Due tesori di inestimabile valore sono stati cullati dalle dolci acque del Lago di Nemi, avvolti dai suoi fondali limacciosi mentre con il passare dei secoli il mondo sopra di essi veniva stravolto. 


Leggende ed antiche storie hanno accompagnato nel tempo le due antiche navi sepolte sul fondo del lago di origine vulcanica, accrescendone la fama e creando attorno ad esse quell’alone di mistero e curiosità che ha dissetato generazioni di avventurieri e studiosi delle “cose antiche”, nella loro continua ricerca di splendidi tesori e nuove scoperte rivoluzionarie

Le due imbarcazioni lacustri sono attribuibili alla volontà dell’Imperatore Caligola (37-41 d.C.), nonostante siano spesso state erroneamente accostate a diversi altri imperatori, come avviene ad esempio nella canzone popolare di Lando Fiorini “Nannì, ‘na gita a li Castelli”, nella quale le due navi vengono legate alla figura dell’Imperatore Tiberio. Oggi i resti dei reperti storici e le dovute ricostruzioni, resesi necessarie a seguito della distruzione degli originali di cui parleremo successivamente, sono ben custoditi nel Museo delle Navi Romane di Nemi, situato nello splendido contesto dall’alto valore naturalistico e storico dell’omonimo specchio lacustre. Sono nate, come detto, per volere dell’Imperatore Caligola e vennero abbellite sontuosamente per consentirgli di tenere splendidi banchetti, seguendo delle usanze molto diffuse già in epoca ellenistica. Svetonio ricorda nei suoi testi che l’imperatore 


“fece costruire navi liburniche a dieci ordini di remi con le poppe coperte di gemme, vele policrome, terme, portici, triclini d grande ampiezza e addirittura con una grande varietà di viti e alberi da frutto. Su queste soleva navigare standosene sdraiato tutto il giorno”
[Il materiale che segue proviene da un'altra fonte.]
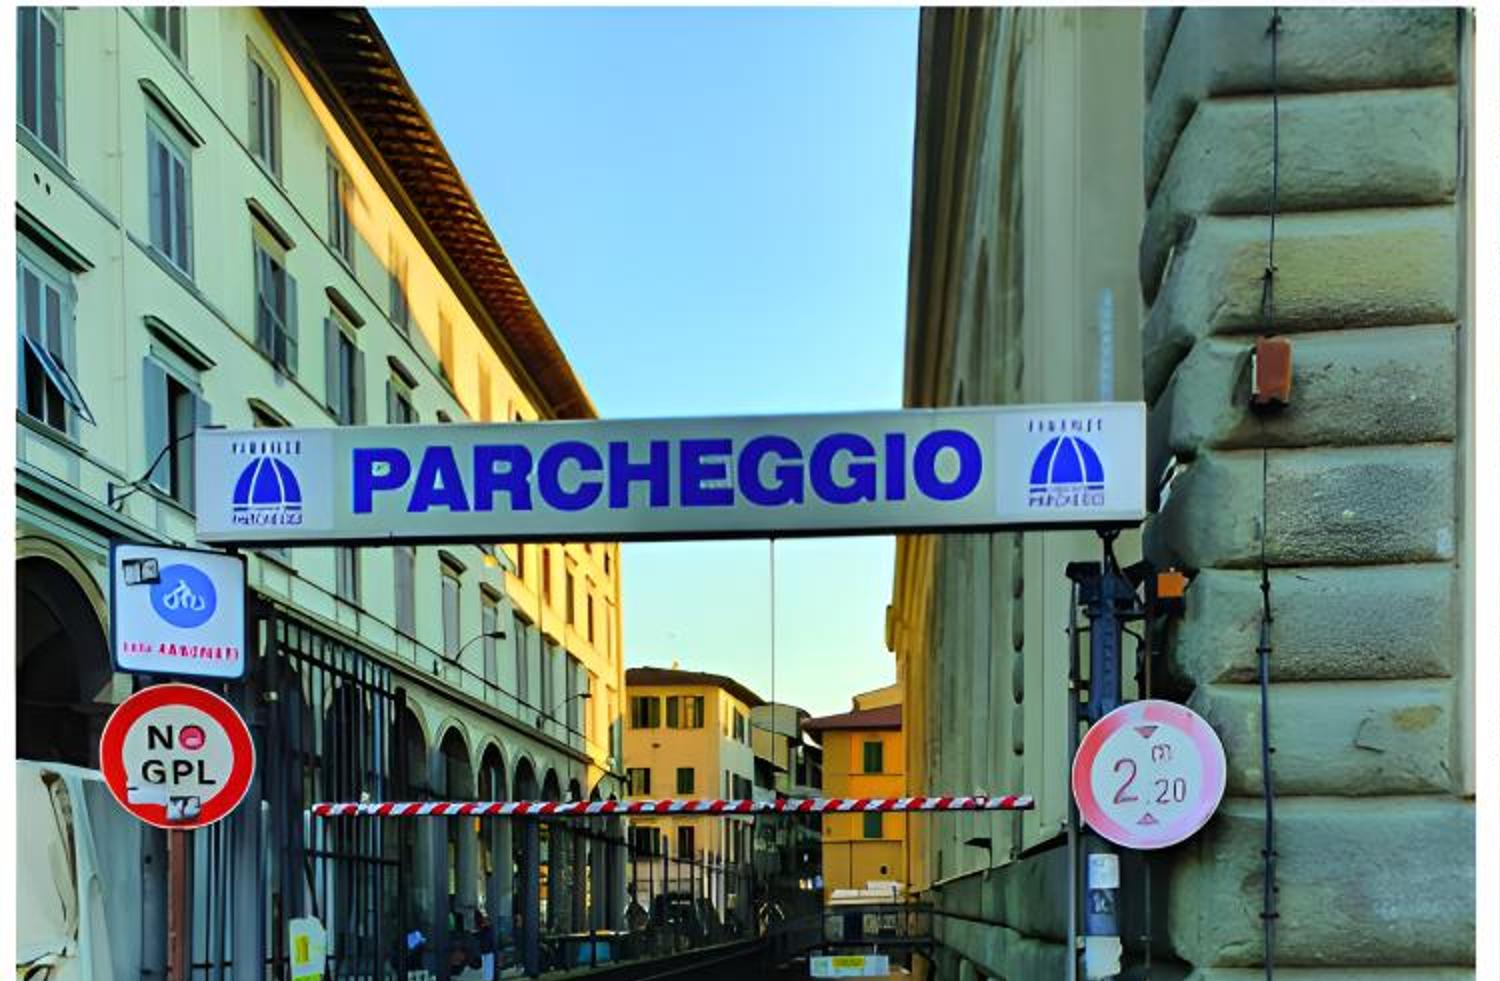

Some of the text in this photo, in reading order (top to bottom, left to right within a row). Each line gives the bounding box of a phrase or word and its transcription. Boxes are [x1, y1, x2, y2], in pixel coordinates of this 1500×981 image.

[352, 430, 983, 515] PARCHEGGIO
[147, 724, 206, 751] NO
[142, 759, 217, 785] GPL
Secondo dei recenti studi, la descrizione svetoniana (fatta per dei natanti che l’imperatore Caligola fu solito utilizzare a largo della Campania) collimerebbe con l’aspetto e l’uso della prima imbarcazione nemorense, destinata dunque ad un utilizzo di palazzo galleggiante, mentre la seconda sarebbe stata un vero e proprio santuario galleggiante, di fondamentale importanza in un luogo sacro come quello di Nemi, profondamente connesso con il divino e terra di Diana. Le due navi non ebbero una vita particolarmente lunga, costruite nel corso del breve impero di Caligola, durato quattro anni, furono, non si sa se intenzionalmente a seguito della damnatio memoriae o meno, distrutte in età neroniana. Già prima di essere affondate, comunque, i natanti vennero razziati e privati delle monete e delle decorazioni più preziose, alcune delle quali trovate all’interno di un piccolo battello affondato anch’esso.

Una delle due navi era posizionata ad appena 5 metri dalla superficie, dunque spesso ben visibile dall’alto, questo posizionamento la rese oggetto di numerosi tentativi di recupero e, purtroppo, saccheggio. Le prime prove di estrazione avvennero nel corso del Rinascimento, dovute ad un clima di estrema attenzione dedicato all’antichità. Nei secoli cardinali, nobili, esploratori e studiosi, si dedicarono anima e cuore a progetti di recupero, con tentativi pratici che puntualmente fallirono, mentre i predatori dei tesori lacustri si susseguivano numerosi, depredando le ricchezze che le navi custodivano.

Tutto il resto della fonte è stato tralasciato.